- [TASK OBJECTIVE]: For the records below, print every one exactly, with nothing dropped.

Collection entries:
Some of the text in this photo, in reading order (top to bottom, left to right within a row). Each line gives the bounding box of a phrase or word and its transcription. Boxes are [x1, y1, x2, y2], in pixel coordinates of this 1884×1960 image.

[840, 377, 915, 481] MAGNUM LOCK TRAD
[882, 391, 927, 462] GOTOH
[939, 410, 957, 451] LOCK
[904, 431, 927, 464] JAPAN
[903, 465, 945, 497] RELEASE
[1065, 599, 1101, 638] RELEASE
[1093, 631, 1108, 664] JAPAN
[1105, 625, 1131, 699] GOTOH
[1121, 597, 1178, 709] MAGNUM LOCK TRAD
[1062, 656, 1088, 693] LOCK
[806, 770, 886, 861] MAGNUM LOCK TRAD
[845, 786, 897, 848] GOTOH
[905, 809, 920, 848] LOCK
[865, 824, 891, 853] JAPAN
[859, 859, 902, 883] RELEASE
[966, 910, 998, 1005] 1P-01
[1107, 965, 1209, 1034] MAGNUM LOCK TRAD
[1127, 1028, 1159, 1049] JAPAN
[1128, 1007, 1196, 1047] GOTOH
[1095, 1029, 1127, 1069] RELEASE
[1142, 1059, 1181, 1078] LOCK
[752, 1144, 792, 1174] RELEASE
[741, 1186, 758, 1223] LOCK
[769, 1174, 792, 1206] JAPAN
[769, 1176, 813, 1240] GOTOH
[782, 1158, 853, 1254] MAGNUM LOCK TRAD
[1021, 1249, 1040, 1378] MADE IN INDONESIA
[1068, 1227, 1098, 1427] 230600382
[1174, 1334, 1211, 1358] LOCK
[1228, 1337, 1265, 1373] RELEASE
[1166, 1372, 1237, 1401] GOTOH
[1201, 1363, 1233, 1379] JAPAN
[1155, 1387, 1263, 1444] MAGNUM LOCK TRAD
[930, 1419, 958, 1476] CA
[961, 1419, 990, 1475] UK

- [ANSWER TO THIS TASK]:
Some of the text in this photo, in reading order (top to bottom, left to right within a row). Each line gives the bounding box of a phrase or word and its transcription. Boxes are [x1, y1, x2, y2], in pixel coordinates of this 1884×1960 image.

[840, 377, 915, 481] MAGNUM LOCK TRAD
[882, 391, 927, 462] GOTOH
[939, 410, 957, 451] LOCK
[904, 431, 927, 464] JAPAN
[903, 465, 945, 497] RELEASE
[1065, 599, 1101, 638] RELEASE
[1093, 631, 1108, 664] JAPAN
[1105, 625, 1131, 699] GOTOH
[1121, 597, 1178, 709] MAGNUM LOCK TRAD
[1062, 656, 1088, 693] LOCK
[806, 770, 886, 861] MAGNUM LOCK TRAD
[845, 786, 897, 848] GOTOH
[905, 809, 920, 848] LOCK
[865, 824, 891, 853] JAPAN
[859, 859, 902, 883] RELEASE
[966, 910, 998, 1005] 1P-01
[1107, 965, 1209, 1034] MAGNUM LOCK TRAD
[1127, 1028, 1159, 1049] JAPAN
[1128, 1007, 1196, 1047] GOTOH
[1095, 1029, 1127, 1069] RELEASE
[1142, 1059, 1181, 1078] LOCK
[752, 1144, 792, 1174] RELEASE
[741, 1186, 758, 1223] LOCK
[769, 1174, 792, 1206] JAPAN
[769, 1176, 813, 1240] GOTOH
[782, 1158, 853, 1254] MAGNUM LOCK TRAD
[1021, 1249, 1040, 1378] MADE IN INDONESIA
[1068, 1227, 1098, 1427] 230600382
[1174, 1334, 1211, 1358] LOCK
[1228, 1337, 1265, 1373] RELEASE
[1166, 1372, 1237, 1401] GOTOH
[1201, 1363, 1233, 1379] JAPAN
[1155, 1387, 1263, 1444] MAGNUM LOCK TRAD
[930, 1419, 958, 1476] CA
[961, 1419, 990, 1475] UK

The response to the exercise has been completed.